05:56 EDT 25 Jun 2018 | Genetic Engineering News

Merrimack Pharmaceuticals said today it will cease development of its pancreatic cancer candidate MM-141 (istiratumab) following its failure in a Phase II trial. MM-141 missed its primary and secondary endpoints in the Phase II CARRIE trial ( NCT02399137 ), designed to assess the addition of the drug candidate to standard-of-care treatment in patients with previously untreated metastatic pancreatic cancer and high serum levels of free Insulin-like Growth Factor-1 (IGF-1).
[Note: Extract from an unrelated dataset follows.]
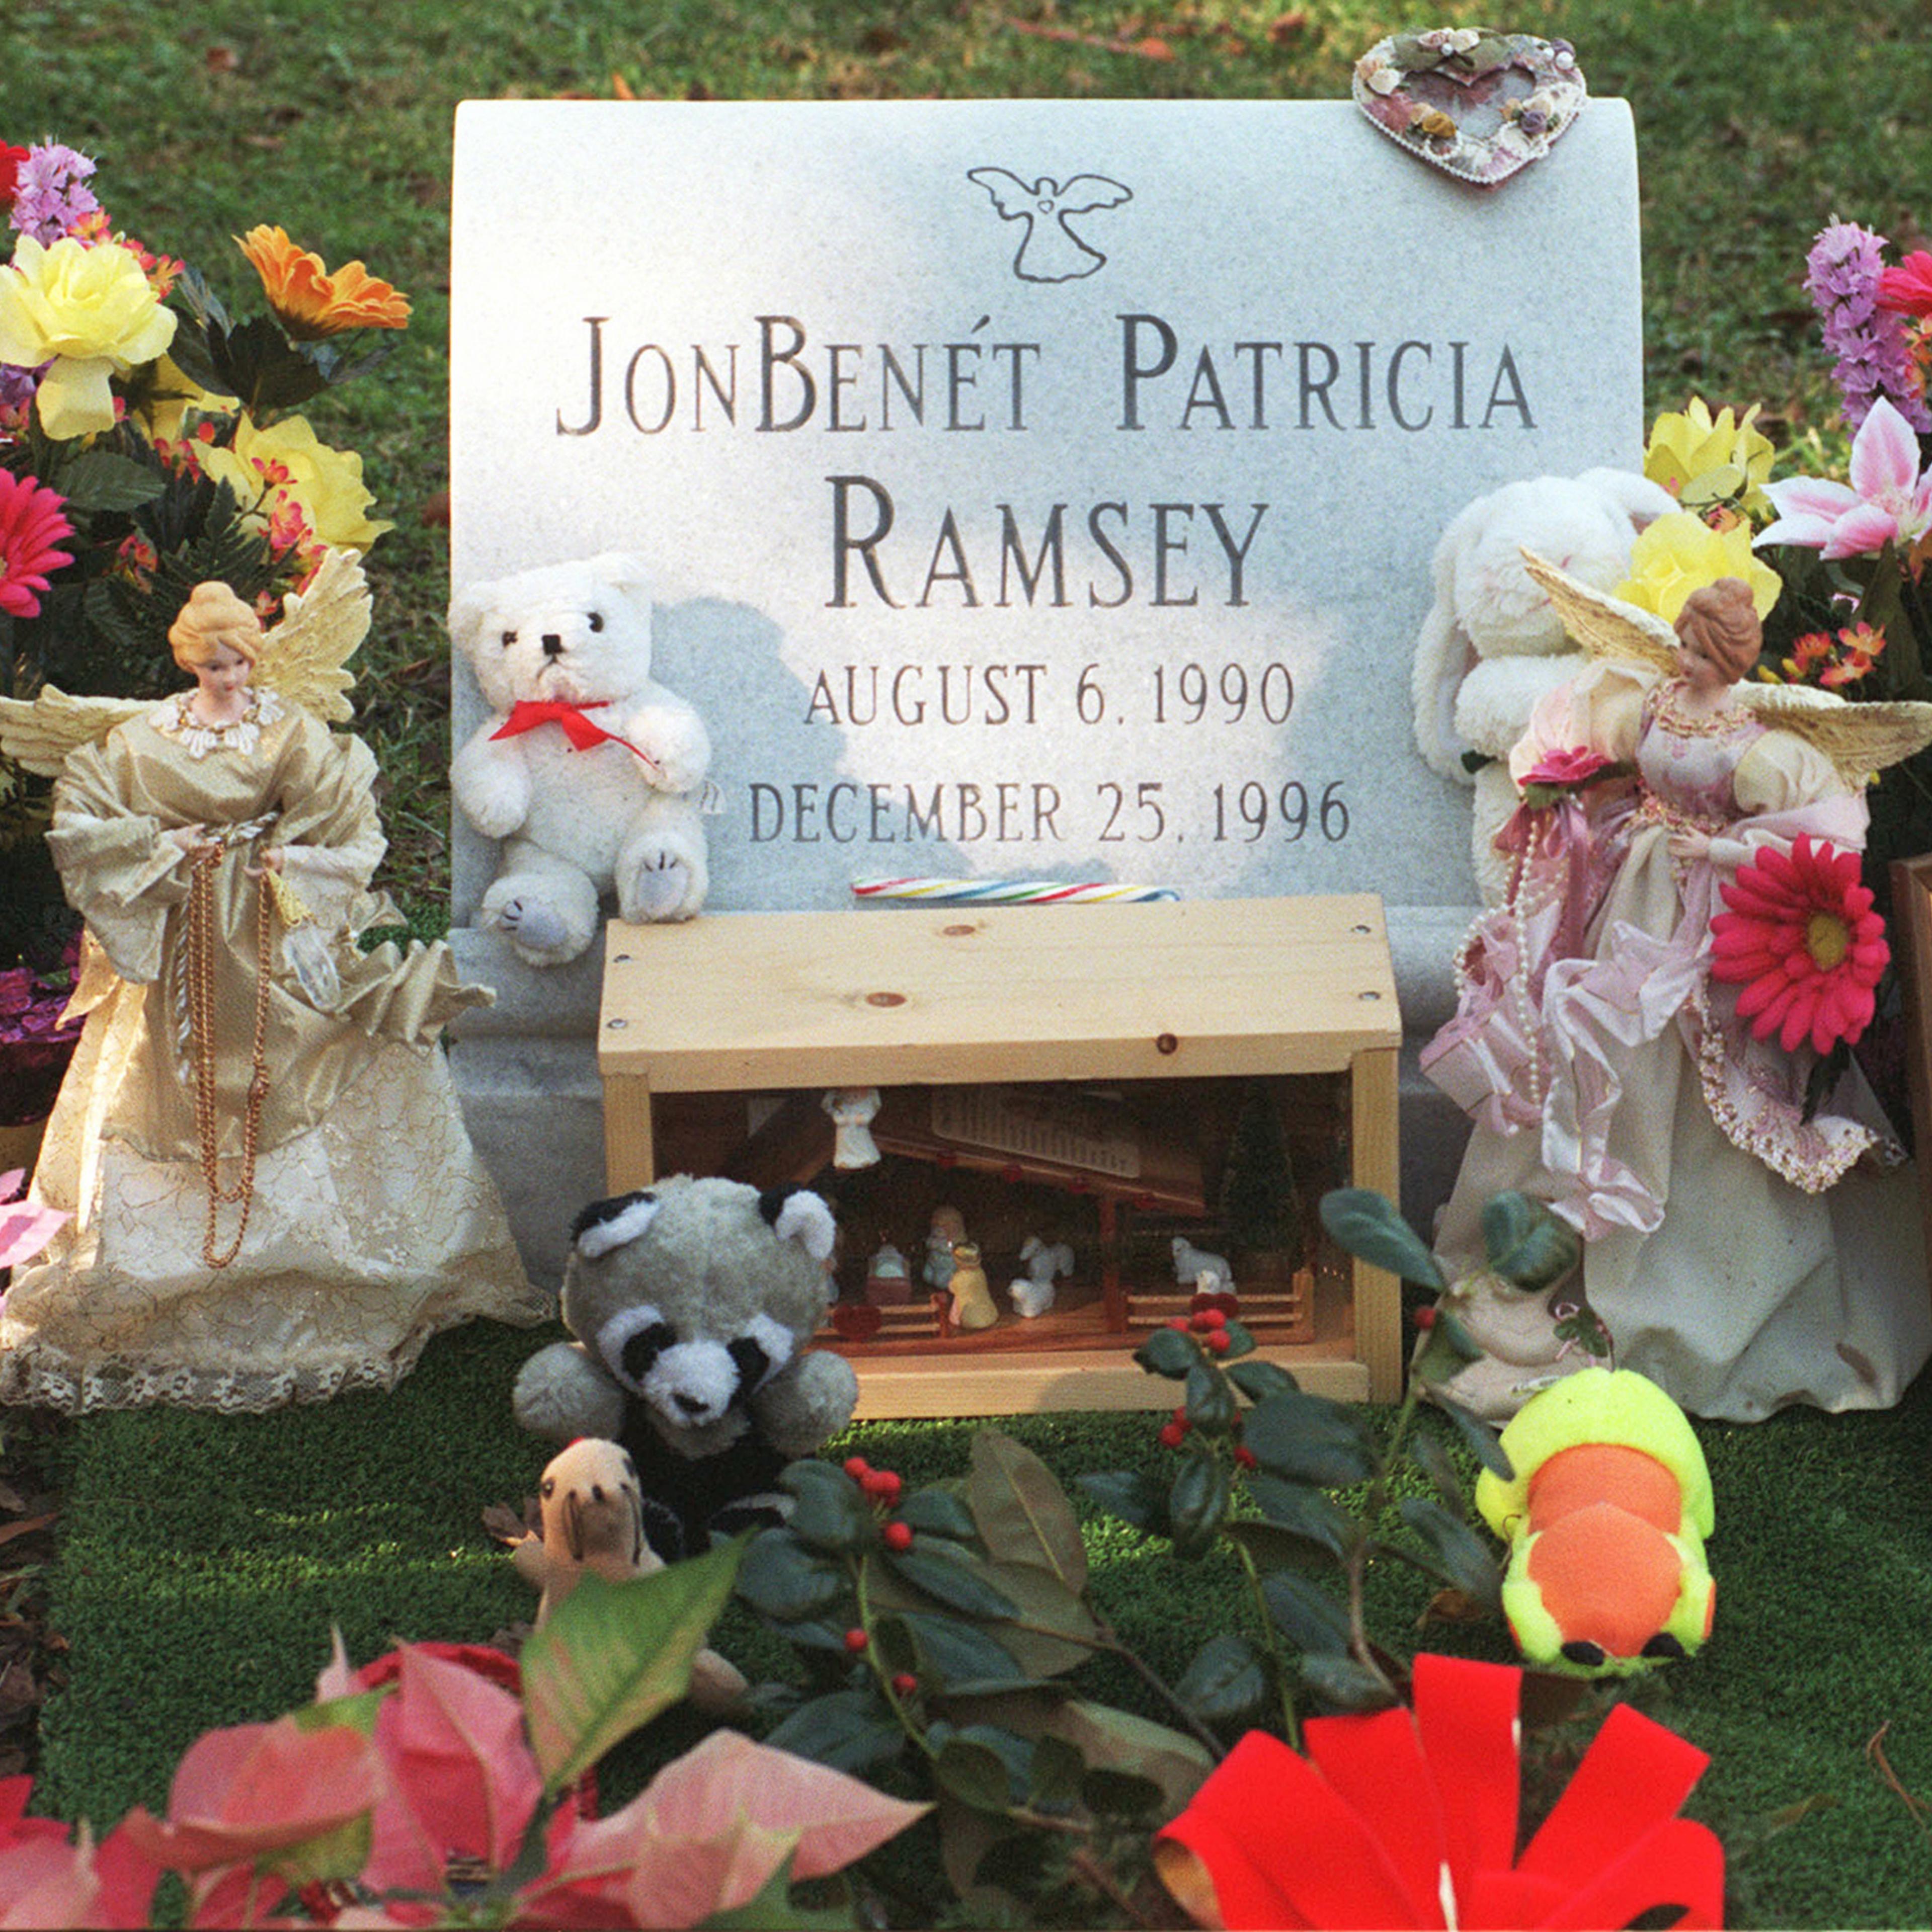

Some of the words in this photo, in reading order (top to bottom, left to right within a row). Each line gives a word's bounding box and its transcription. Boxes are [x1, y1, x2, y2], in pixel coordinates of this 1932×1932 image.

The trial enrolled 88 patients who were randomized 1:1 to treatment and control arms to assess MM-141, in combination with the standard-of-care chemotherapy (nab-paclitaxel and gemcitabine), versus chemotherapy plus placebo. MM-141 plus nab-paclitaxel and gemcitabine failed to show statistically significant improvement in efficacy compared to nab-paclitaxel and gemcitabine alone. The results were consistent in all subgroups analyzed, Merrimack said. The primary endpoint of the CARRIE trial was progression-free survival, while secondary endpoints included objective response rate, disease ...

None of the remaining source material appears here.